Cyber Incident Victim: ATMs in India
Date:
May 2017
Location:
India
Summary
Cybercriminals exploited ATMs running outdated Windows XP systems using malware called Rufus, physically accessing machines to insert infected USB drives that forced cash dispensers to release funds without requiring bank cards or triggering server alerts. The attacks targeted multiple regions, resulting in substantial financial losses as machines were remotely manipulated to dispense cash using generated codes converted into passwords. Banks initiated forensic audits following the incidents, while security agencies highlighted lapses in physical and virtual protections at off-site ATMs. Authorities urged software upgrades and enhanced security measures, though ATM manufacturers disputed widespread vulnerabilities. The RBI collaborated with payment authorities to address security gaps amid police reports emphasizing the need for updated systems.

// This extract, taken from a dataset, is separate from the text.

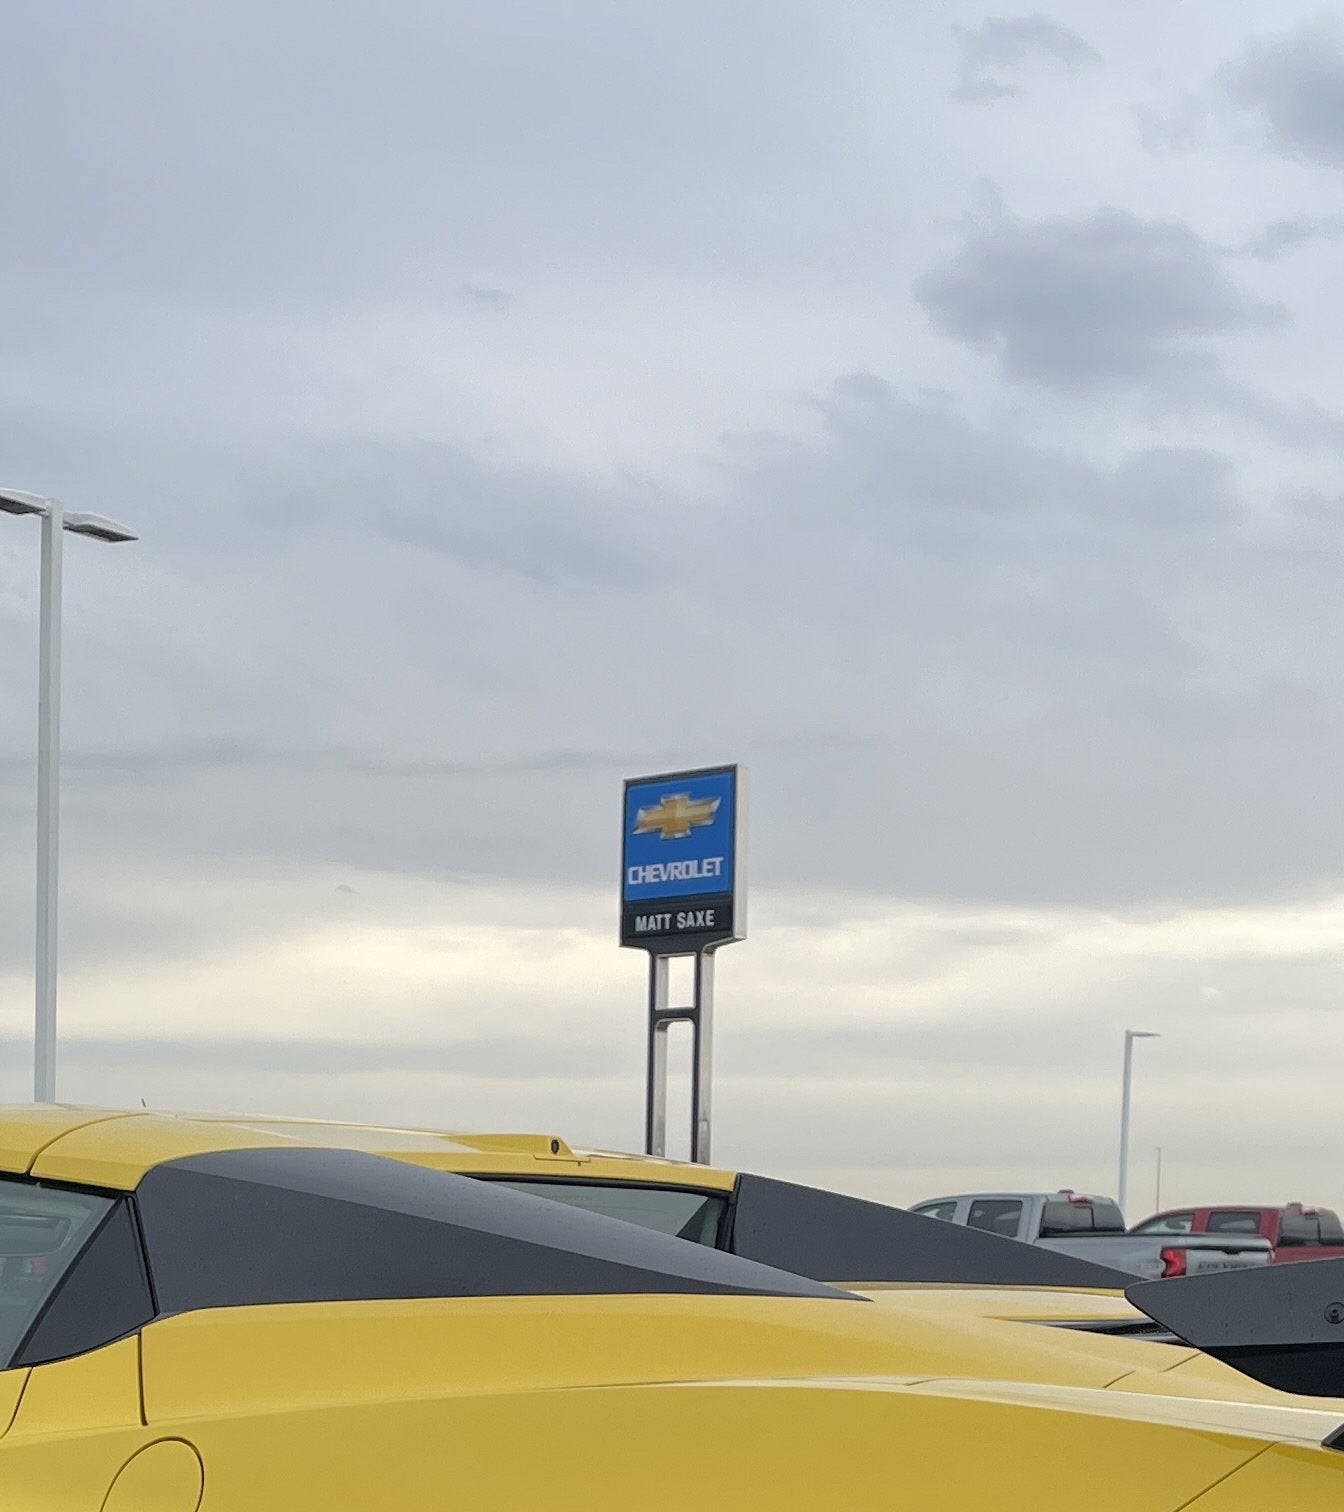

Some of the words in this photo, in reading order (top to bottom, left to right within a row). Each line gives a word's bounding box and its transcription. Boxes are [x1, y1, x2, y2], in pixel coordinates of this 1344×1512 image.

[628, 857, 724, 885] CHEVROLET
[635, 913, 672, 932] MATT
[676, 909, 715, 929] SAXE

| CIA Posture | Motives | Tactics, Techniques & Procedures |
|---|---|---|
| Available to members | 1 motive | 1 technique |
| Threat Actors | Type | Location |
|---|---|---|
| 0 actors | Available to members | Available to members |
Description
In May 2017, multiple Indian states experienced coordinated ATM thefts exploiting outdated operating systems. Criminals targeted ATMs running Microsoft Windows XP, which lacked robust security protocols. The attacks began in Odisha, where Rs 17 lakh was stolen from a single machine, eventually accumulating to Rs 40 lakh across the state. Similar incidents were reported in West Bengal, Bihar, and Gujarat. Perpetrators accessed unguarded ATMs at night using physical keys to open the upper computer compartments. They inserted USB drives infected with Rufus malware into the machines' USB ports, transferring malicious files that disconnected ATMs from bank servers during reboot sequences. The malware generated codes that gang members converted into passwords, triggering immediate cash dispensing without transaction records. This method avoided triggering alarms and delayed bank detection since criminals bypassed central monitoring systems.

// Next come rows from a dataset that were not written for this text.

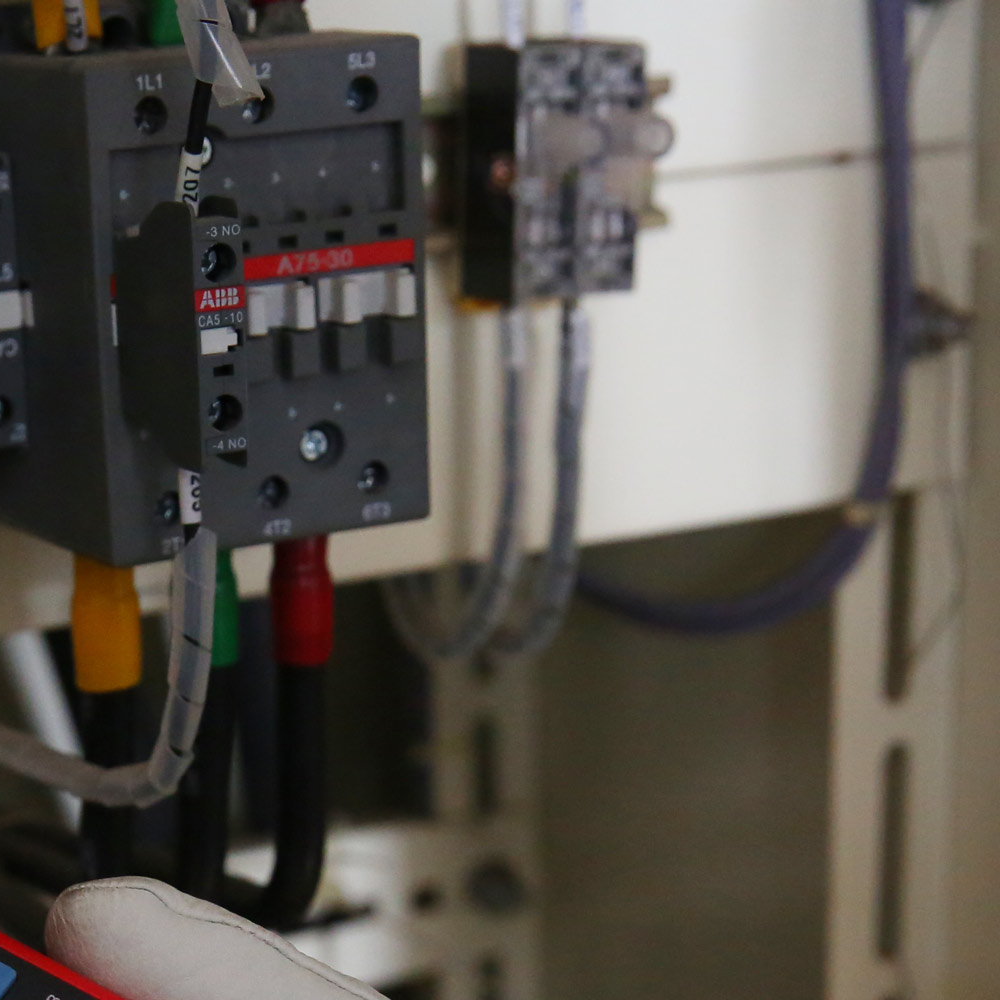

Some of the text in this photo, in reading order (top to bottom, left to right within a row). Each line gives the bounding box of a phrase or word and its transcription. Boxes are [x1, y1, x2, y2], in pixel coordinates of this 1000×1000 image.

[136, 73, 164, 91] 1L1
[182, 166, 200, 203] 207
[205, 224, 241, 238] -3 NO
[276, 248, 355, 276] A75-30
[200, 287, 240, 309] ABB
[197, 316, 221, 328] CA5
[228, 437, 248, 450] NO

Authorities responded with multi-level investigations and alerts. Police cybercrime units in Bihar and West Bengal confirmed the malware-based modus operandi, while Odisha's Cuttack DCP publicly identified Windows XP vulnerabilities as the attack vector. State police departments formally notified the Reserve Bank of India (RBI) about ATM security weaknesses, urging mandatory OS upgrades. The RBI collaborated with the National Payments Corporation to develop enhanced security guidelines for banks. Financial institutions initiated forensic audits but avoided confirming whether software flaws caused the breaches. ATM manufacturers acknowledged isolated incidents while denying systemic security failures. Security experts highlighted non-compliance among off-site ATM vendors who neglected physical and digital safeguards, exacerbating the thefts' success. The incidents occurred shortly after the global WannaCry ransomware attack, during which the RBI had already advised ATM operators to update systems, underscoring persistent vulnerabilities in India's financial infrastructure.